§ **Requirement**: Please repeat the whole listing exactly, but leave out any picture it holds.

§ **Source material**:
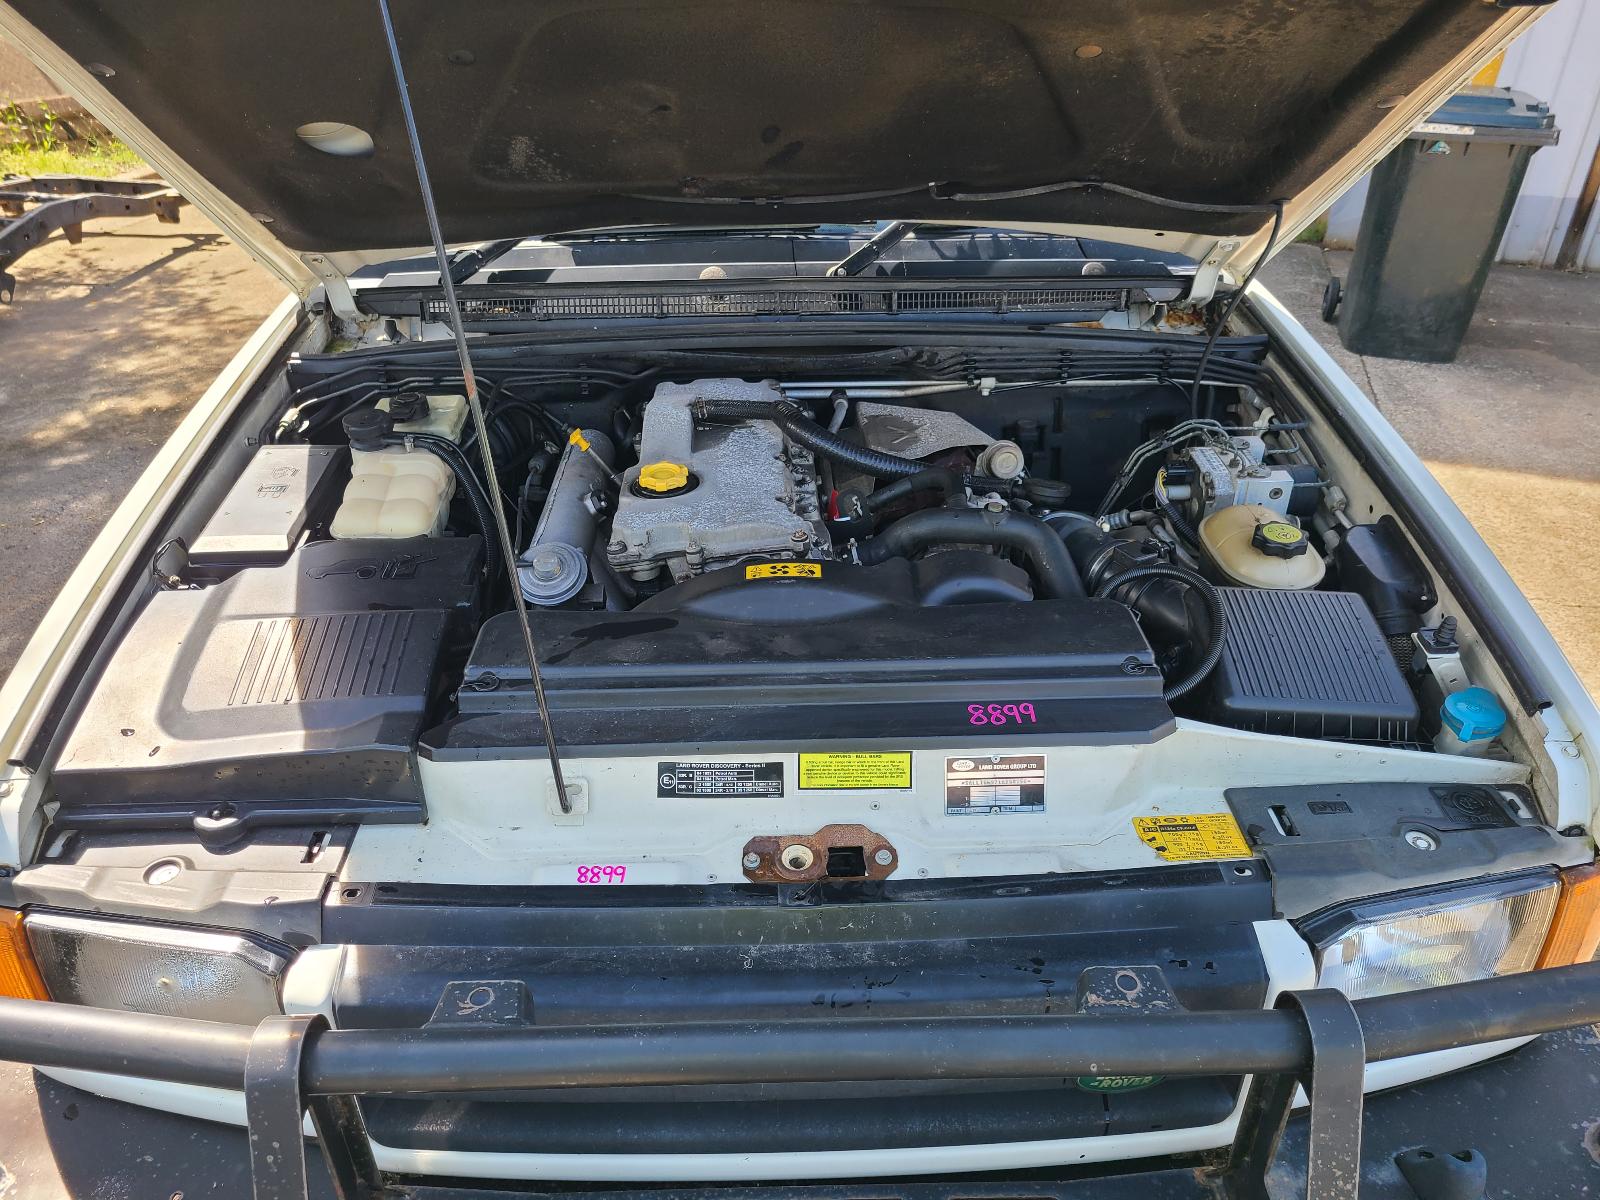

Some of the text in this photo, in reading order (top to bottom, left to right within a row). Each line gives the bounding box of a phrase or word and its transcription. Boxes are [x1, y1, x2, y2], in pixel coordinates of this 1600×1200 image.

[967, 703, 1036, 725] 8899
[577, 865, 626, 883] 8899
[1098, 1076, 1152, 1087] ROVER
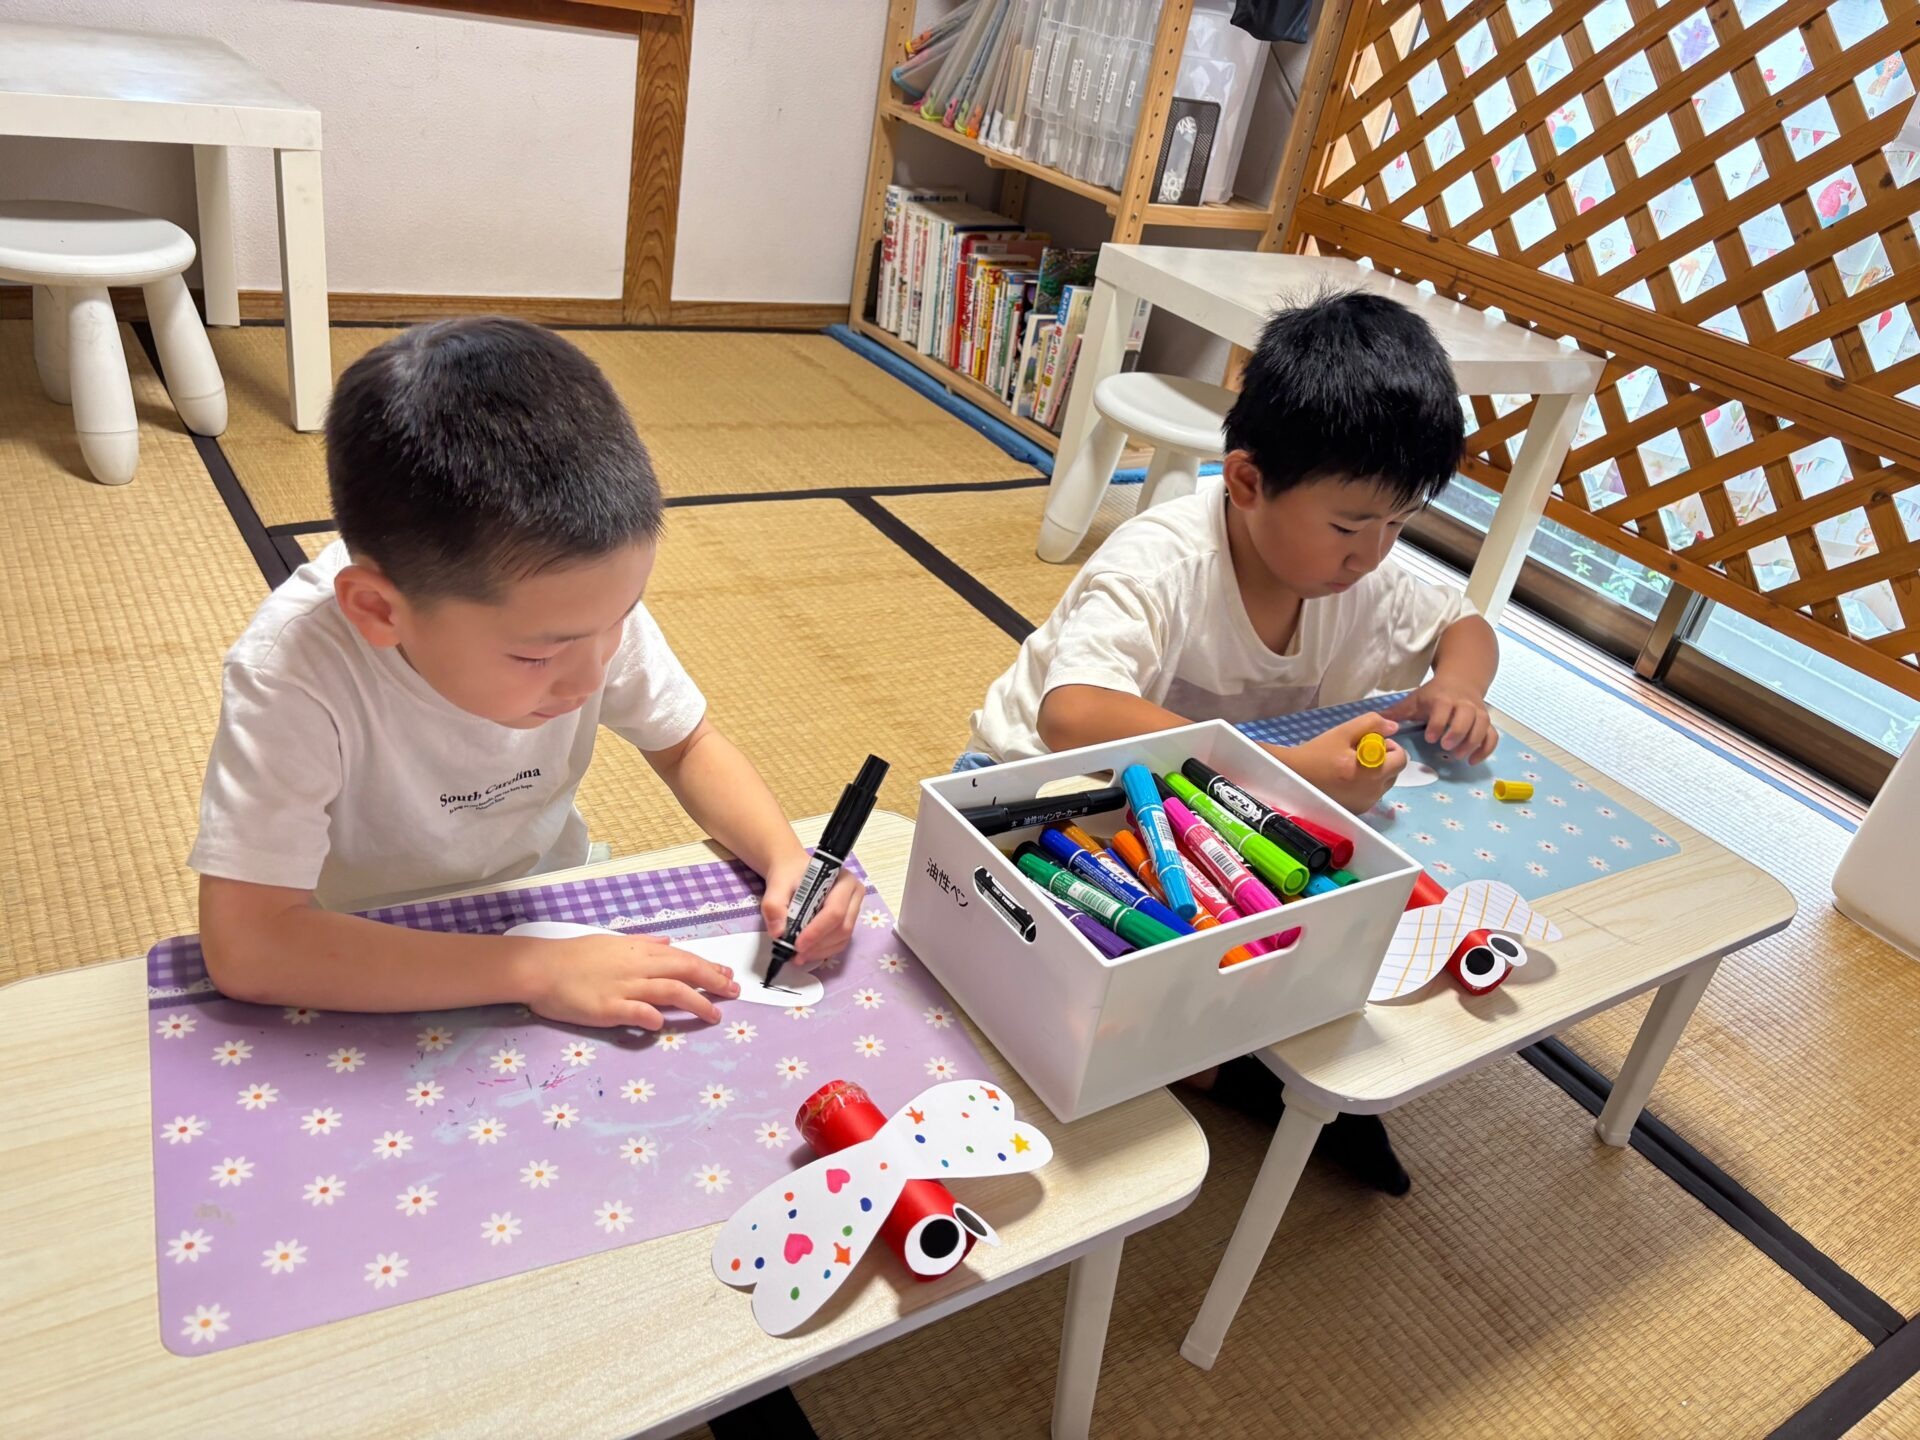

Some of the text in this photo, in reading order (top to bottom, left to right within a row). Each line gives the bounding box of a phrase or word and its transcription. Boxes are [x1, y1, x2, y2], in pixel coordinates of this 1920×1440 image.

§ **Written reply**:
Some of the text in this photo, in reading order (top to bottom, left to right within a row). Each line gives the bounding box of a phrase or word and its transcription. Boxes are [x1, y1, x2, y2], in pixel coordinates of this 1600×1200 image.

[967, 703, 1036, 725] 8899
[577, 865, 626, 883] 8899
[1098, 1076, 1152, 1087] ROVER

Some of the text in this photo, in reading order (top to bottom, left to right within a row). Each line gives the bounding box of a phrase or word and its transcription. Boxes are [x1, y1, x2, y2], in pixel coordinates of this 1920×1440 image.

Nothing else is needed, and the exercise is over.